Work item
Which lines of the data contain the string "right"? Show each of them.

Supplied records
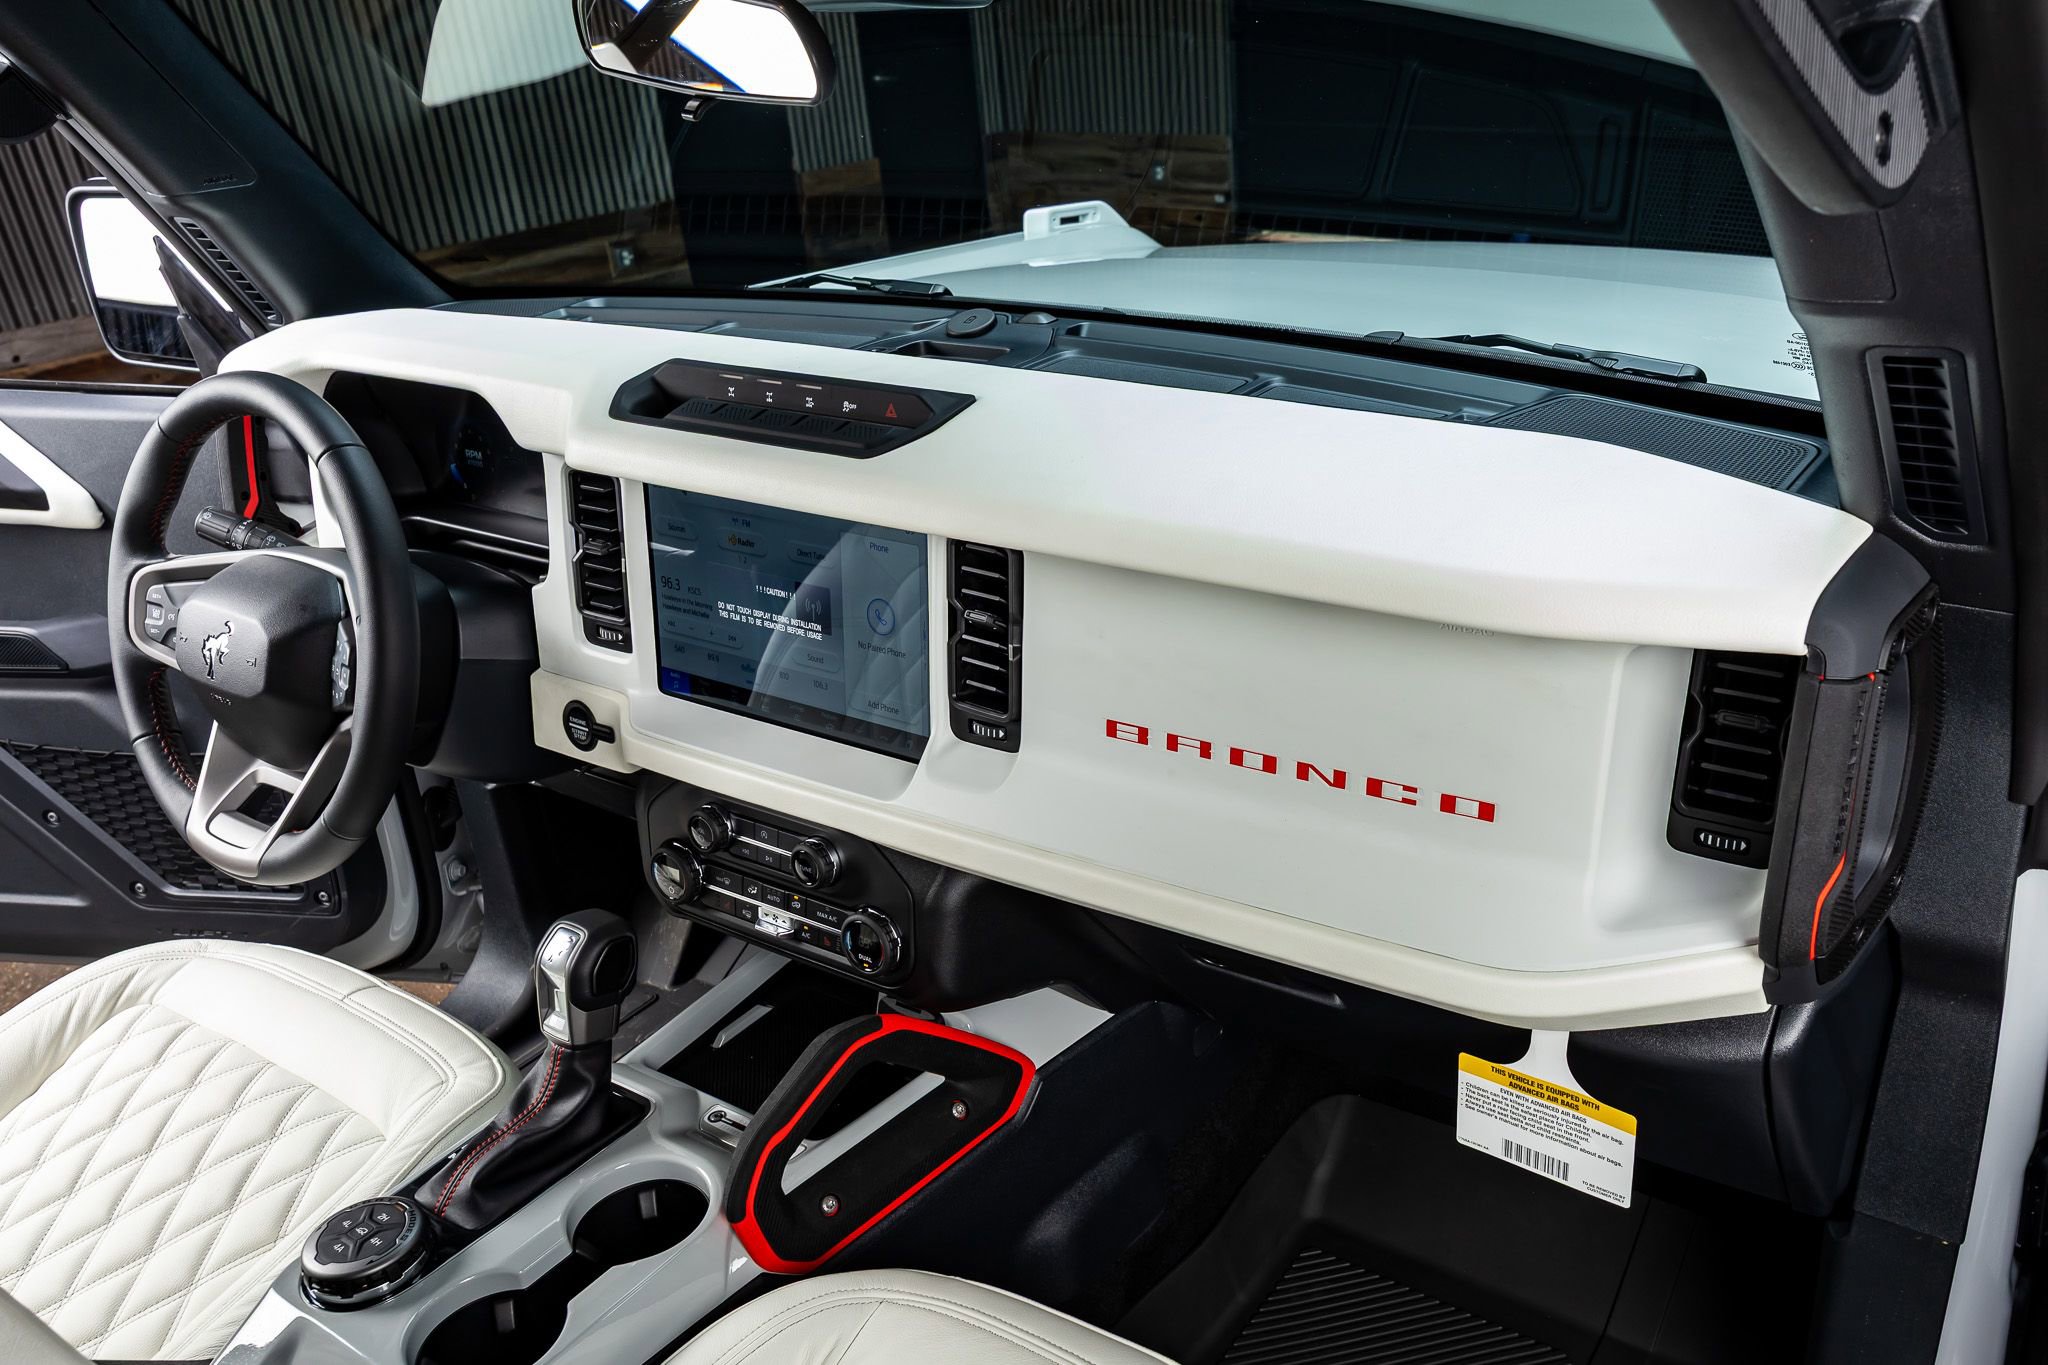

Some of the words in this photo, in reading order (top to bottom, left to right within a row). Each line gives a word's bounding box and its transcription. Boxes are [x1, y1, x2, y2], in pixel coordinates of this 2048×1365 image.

[465, 449, 482, 460] RPM
[869, 542, 889, 554] Phone
[660, 575, 680, 591] 96.3
[718, 601, 724, 609] DO
[726, 603, 735, 611] NOT
[737, 606, 751, 615] TOUCH
[753, 609, 770, 620] DISPLAY
[772, 614, 789, 624] DURING
[791, 618, 821, 632] INSTALLATION
[719, 610, 728, 618] THIS
[730, 612, 740, 621] FILM
[741, 615, 746, 623] IS
[748, 616, 754, 625] TO
[756, 618, 762, 627] BE
[764, 620, 785, 632] REMOVED
[787, 625, 805, 636] BEFORE
[807, 630, 822, 641] USAGE
[807, 653, 824, 665] Sound
[858, 641, 866, 650] No
[867, 643, 886, 654] Paired
[887, 647, 906, 659] Phone
[868, 700, 879, 710] Add
[880, 703, 899, 715] Phone
[570, 716, 587, 726] ENGINE
[1105, 718, 1496, 823] BRONCO
[767, 893, 780, 903] AUTO
[816, 911, 828, 919] MAX
[828, 914, 838, 923] A/C
[801, 931, 811, 939] A/C
[858, 953, 872, 964] DUAL
[1491, 1065, 1506, 1077] THIS
[1508, 1070, 1535, 1088] VEHICLE
[1537, 1082, 1543, 1090] IS
[1546, 1084, 1579, 1105] EQUIPPED
[1582, 1098, 1600, 1111] WITH
[1509, 1079, 1544, 1100] ADVANCED
[1547, 1094, 1558, 1104] AIR
[1561, 1098, 1579, 1112] BAGS
[1466, 1087, 1476, 1095] The
[1477, 1091, 1490, 1100] back
[1491, 1097, 1503, 1105] seat
[1521, 1108, 1537, 1118] safest
[1539, 1114, 1554, 1126] place
[1565, 1124, 1591, 1138] Children.
[1466, 1081, 1488, 1095] Children
[1490, 1091, 1500, 1099] can
[1510, 1098, 1524, 1108] killed
[1533, 1106, 1559, 1121] seriously
[1561, 1116, 1581, 1129] injured
[1591, 1128, 1600, 1136] the
[1611, 1136, 1624, 1146] bag.
[1500, 1087, 1513, 1098] EVEN
[1515, 1093, 1529, 1104] WITH
[1531, 1098, 1559, 1115] ADVANCED
[1561, 1109, 1570, 1118] AIR
[1572, 1113, 1587, 1124] BAGS
[1465, 1092, 1481, 1102] Never
[1483, 1099, 1491, 1107] put
[1497, 1105, 1508, 1113] rear
[1510, 1109, 1526, 1121] facing
[1528, 1116, 1542, 1126] child
[1543, 1122, 1555, 1131] seat
[1564, 1129, 1573, 1137] the
[1575, 1133, 1590, 1144] front.
[1465, 1097, 1484, 1110] Always
[1486, 1106, 1496, 1114] use
[1497, 1110, 1508, 1118] seat
[1510, 1115, 1523, 1124] belts
[1525, 1120, 1535, 1129] and
[1537, 1125, 1550, 1135] child
[1552, 1130, 1581, 1146] restraints.
[1465, 1103, 1475, 1111] See
[1476, 1107, 1497, 1120] owner's
[1499, 1116, 1519, 1128] manual
[1530, 1128, 1544, 1138] more
[1545, 1133, 1578, 1151] information
[1580, 1147, 1596, 1158] about
[1607, 1157, 1623, 1169] bags.
[1587, 1186, 1611, 1199] CUSTOMER
[1613, 1196, 1624, 1204] ONLY
[1596, 1186, 1618, 1197] REMOVED
[400, 1209, 417, 1242] MODES
[370, 1236, 383, 1247] 4H
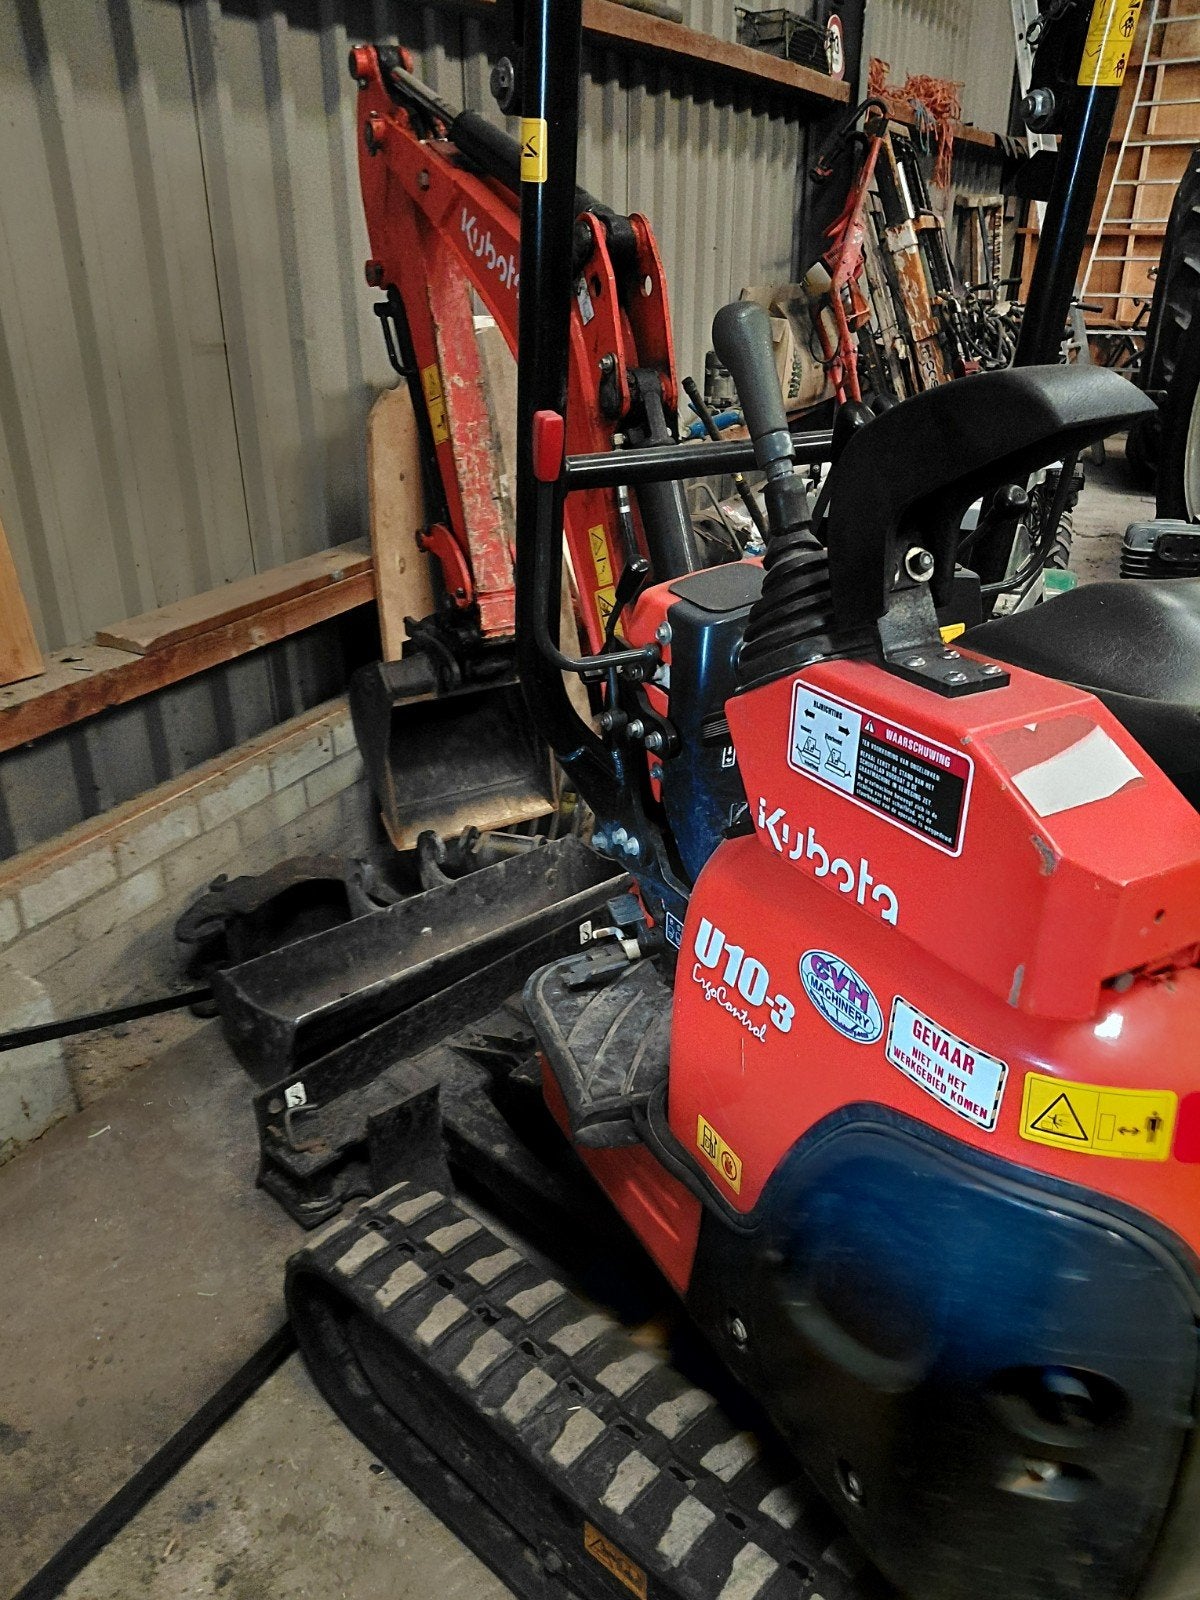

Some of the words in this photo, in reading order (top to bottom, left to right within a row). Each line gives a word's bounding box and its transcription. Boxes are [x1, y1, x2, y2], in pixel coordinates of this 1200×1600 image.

[886, 729, 951, 767] WAARSCHUWING
[758, 797, 898, 926] Kubota
[694, 917, 795, 1032] U10-3
[811, 955, 869, 1014] CVH
[811, 976, 869, 1028] MACHINERY
[912, 1046, 931, 1067] NIET
[935, 1064, 944, 1077] IN
[948, 1073, 967, 1092] HET
[913, 1020, 975, 1075] GEVAAR
[894, 1046, 946, 1094] WERKGEBIED
[950, 1090, 987, 1119] KOMEN

Answer box
Some of the words in this photo, in reading order (top to bottom, left to right within a row). Each line gives a word's bounding box and its transcription. Boxes are [x1, y1, x2, y2], in pixel coordinates of this 2048×1365 image.
Some of the words in this photo, in reading order (top to bottom, left to right within a row). Each line gives a word's bounding box and its transcription. Boxes are [x1, y1, x2, y2], in pixel coordinates of this 1200×1600 image.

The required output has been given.